CTV, defined as content delivered to the television set through an internet connection, has significantly broadened the commercial opportunities within the video realm—and for more parties. CTV is also nearing ubiquity in certain markets. In the United States, for example, Nielsen data shows that CTV reaches nearly 142 million adults each week. In Western Europe, eMarketer forecasts that OTT subscribers will reach nearly 187 million in 2022.

With direct access to consumers, networks, broadcasters and new media companies are investing in building and acquiring direct-to-consumer offerings, following in the well-established footsteps of Netflix, which pioneered subscription video on demand back in 2007. Today’s OTT and CTV options span beyond SVOD, also encompassing ad-supported VOD and live streaming, either through a multichannel video programming distributor (MVPD) like Comcast and Verizon, or a virtual MVPD (vMVPD) like YouTube TV, fuboTV and Sling.

Outside of traditional SVOD platforms, CTV and addressable advertising represent budding opportunities, but they remain largely unfamiliar to many marketers.
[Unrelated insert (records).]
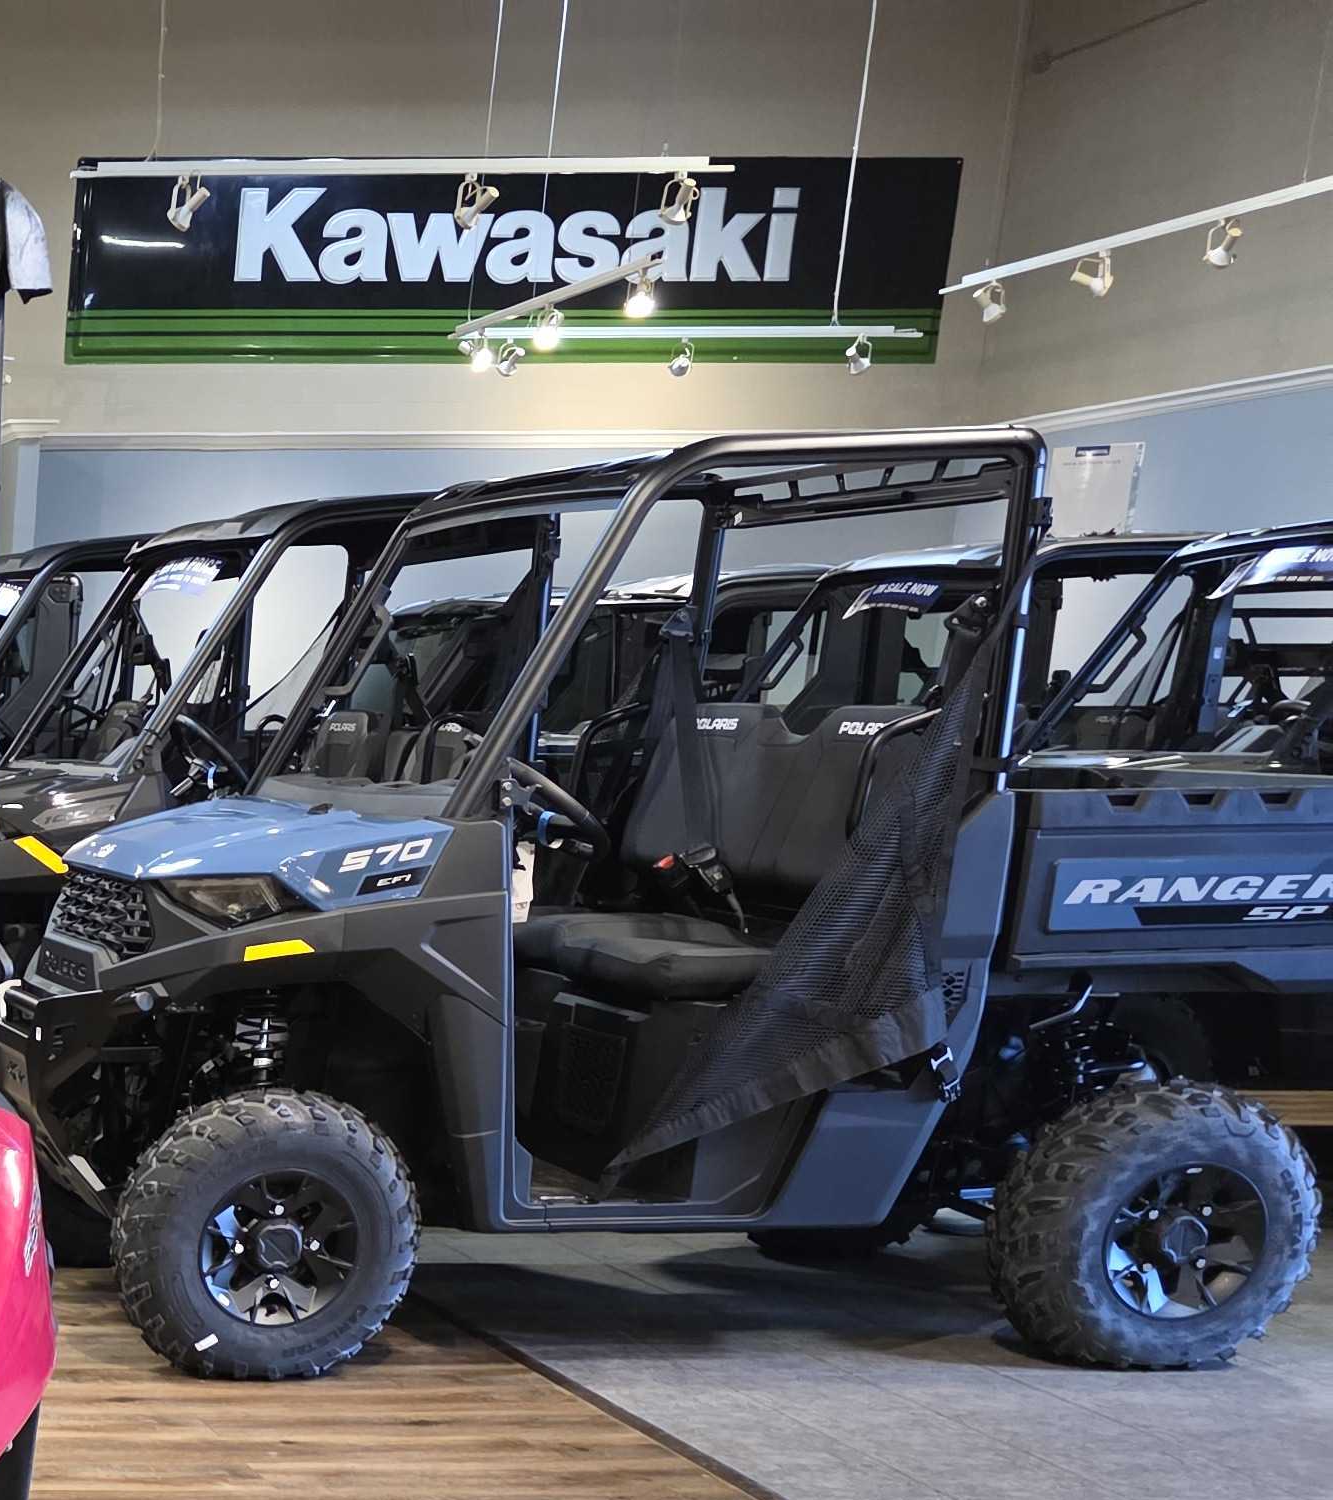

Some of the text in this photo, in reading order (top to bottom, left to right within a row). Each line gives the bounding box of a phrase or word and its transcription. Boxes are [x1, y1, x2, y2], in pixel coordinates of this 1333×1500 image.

[234, 185, 801, 285] Kawasaki
[908, 583, 939, 597] NOW
[338, 838, 433, 873] 570
[376, 873, 412, 887] EFI
[1242, 905, 1329, 921] SP
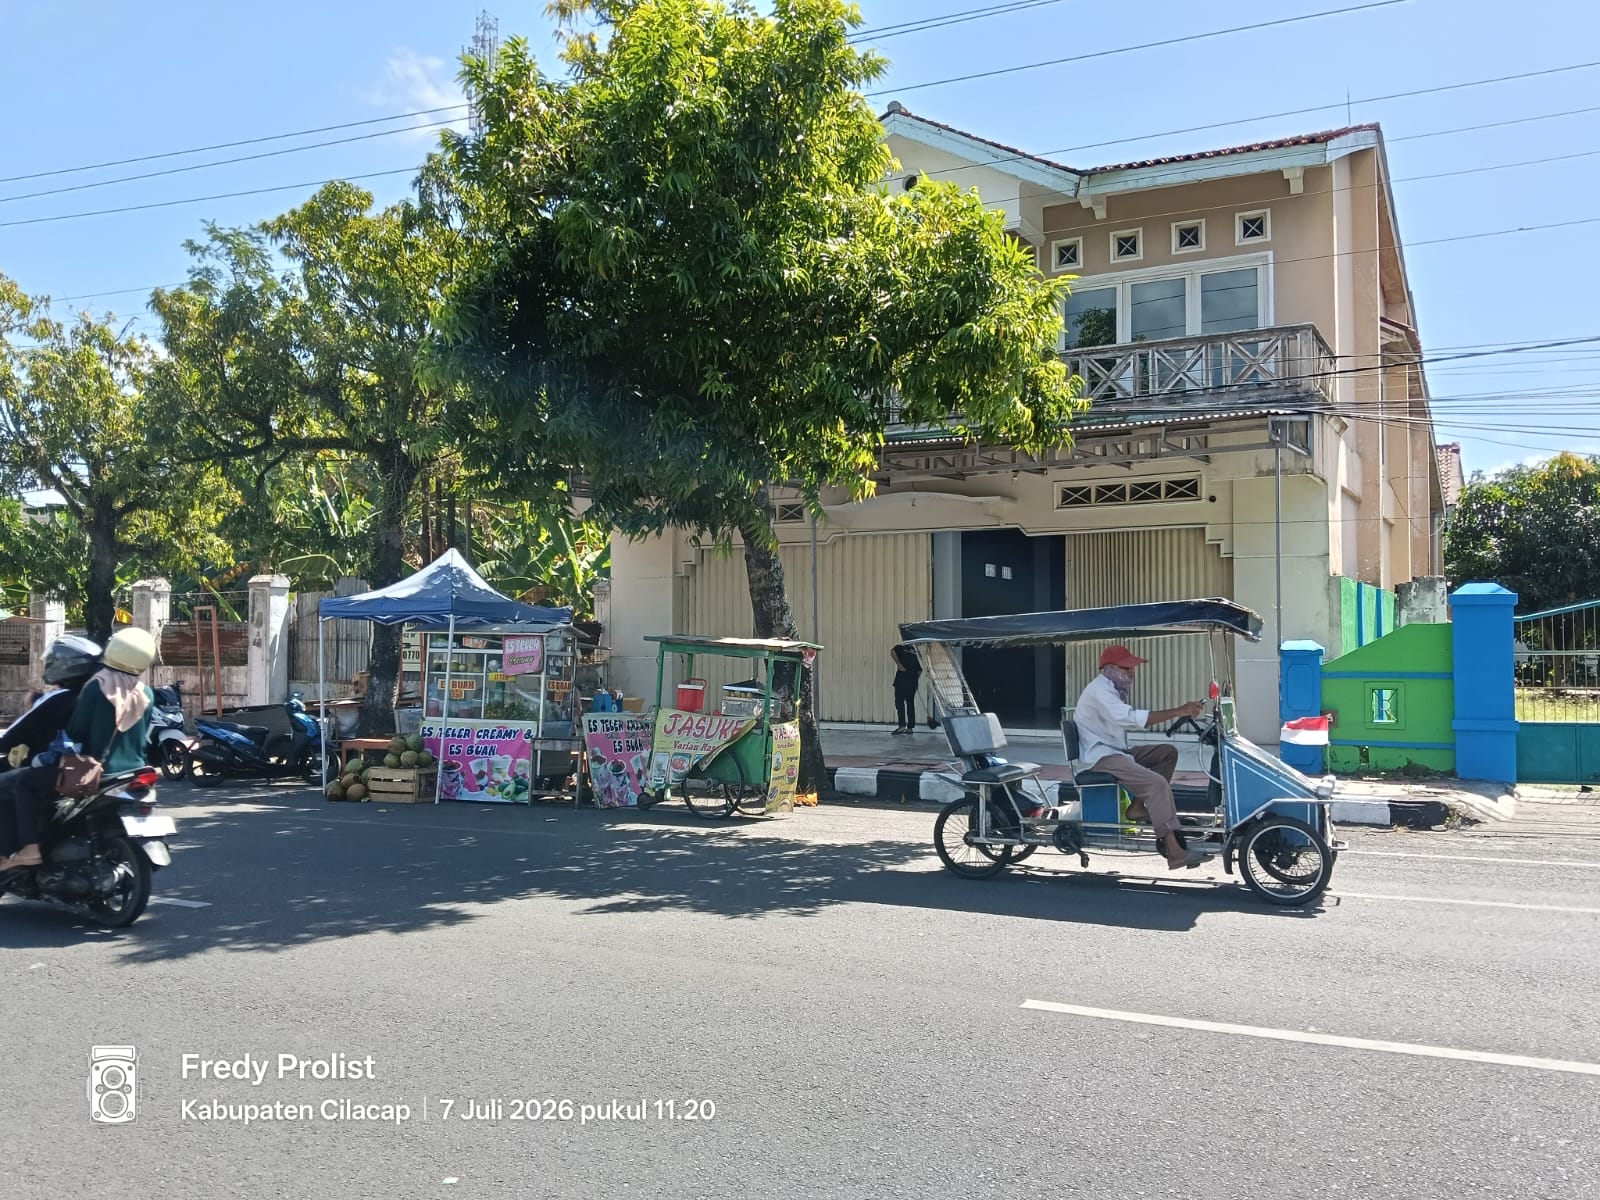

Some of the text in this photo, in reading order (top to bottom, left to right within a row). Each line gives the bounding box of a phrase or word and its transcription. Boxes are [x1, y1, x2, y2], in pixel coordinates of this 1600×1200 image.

[451, 680, 475, 689] BUAH
[588, 719, 598, 733] ES
[663, 713, 745, 740] JASUKE
[421, 727, 434, 738] ES
[475, 728, 520, 740] CREAMY
[523, 728, 534, 740] &
[449, 744, 497, 756] ES BUAH
[613, 740, 623, 753] ES
[700, 742, 718, 752] Ras
Media investment company GroupM forecasts that CTV ad revenue will grow to exceed $31 billion globally by 2026, but the newness of the multifaceted advertising options outside of traditional models has many marketers unsure of their footing.
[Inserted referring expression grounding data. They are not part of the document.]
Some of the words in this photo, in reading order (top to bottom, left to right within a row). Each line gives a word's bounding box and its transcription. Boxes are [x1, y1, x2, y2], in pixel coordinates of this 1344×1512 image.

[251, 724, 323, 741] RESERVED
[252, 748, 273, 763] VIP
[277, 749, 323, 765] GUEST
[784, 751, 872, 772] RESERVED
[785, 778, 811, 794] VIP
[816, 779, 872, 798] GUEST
In Nielsen’s “2021 Annual Marketing Report,” the researcher noted that 46% of marketers across brands with small, medium and large budgets reported internal knowledge gaps with respect to adopting CTV marketing strategies. Beyond adoption, nearly half (47%) of marketers at brands with large budgets ($10 million or more) say they are facing measurement challenges in the space even though an equal percentage say real-time targeted ads in linear programming is important moving forward.

“Digital truly represents a new frontier for the television industry, and answers a nagging question that comes up from time to time as new innovations arrive: ‘Is TV dead?’ The answer is a resounding ‘no’. It’s alive, well and introducing a wealth of opportunity for content creators, distributors, advertisers, OEMs, agencies and consumers,”  Nielsen concludes.